[Start of section]

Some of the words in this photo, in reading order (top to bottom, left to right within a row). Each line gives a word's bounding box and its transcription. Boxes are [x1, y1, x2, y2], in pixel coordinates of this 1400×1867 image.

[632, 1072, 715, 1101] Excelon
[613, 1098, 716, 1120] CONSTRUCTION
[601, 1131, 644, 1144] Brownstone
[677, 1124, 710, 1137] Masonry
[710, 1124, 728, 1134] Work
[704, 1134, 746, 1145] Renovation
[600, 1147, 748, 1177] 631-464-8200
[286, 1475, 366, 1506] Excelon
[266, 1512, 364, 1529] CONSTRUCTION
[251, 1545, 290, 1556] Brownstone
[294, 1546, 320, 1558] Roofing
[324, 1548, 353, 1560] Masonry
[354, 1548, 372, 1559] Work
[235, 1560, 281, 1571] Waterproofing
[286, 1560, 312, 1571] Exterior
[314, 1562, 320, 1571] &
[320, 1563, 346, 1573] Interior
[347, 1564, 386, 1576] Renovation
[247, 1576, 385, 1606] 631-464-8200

[End of section]

> **TASK PROMPT**: Your job is to output all of the material exactly.

> **ANSWER SPACE**:
Some of the words in this photo, in reading order (top to bottom, left to right within a row). Each line gives a word's bounding box and its transcription. Boxes are [x1, y1, x2, y2], in pixel coordinates of this 1400×1867 image.

[632, 1072, 715, 1101] Excelon
[613, 1098, 716, 1120] CONSTRUCTION
[601, 1131, 644, 1144] Brownstone
[677, 1124, 710, 1137] Masonry
[710, 1124, 728, 1134] Work
[704, 1134, 746, 1145] Renovation
[600, 1147, 748, 1177] 631-464-8200
[286, 1475, 366, 1506] Excelon
[266, 1512, 364, 1529] CONSTRUCTION
[251, 1545, 290, 1556] Brownstone
[294, 1546, 320, 1558] Roofing
[324, 1548, 353, 1560] Masonry
[354, 1548, 372, 1559] Work
[235, 1560, 281, 1571] Waterproofing
[286, 1560, 312, 1571] Exterior
[314, 1562, 320, 1571] &
[320, 1563, 346, 1573] Interior
[347, 1564, 386, 1576] Renovation
[247, 1576, 385, 1606] 631-464-8200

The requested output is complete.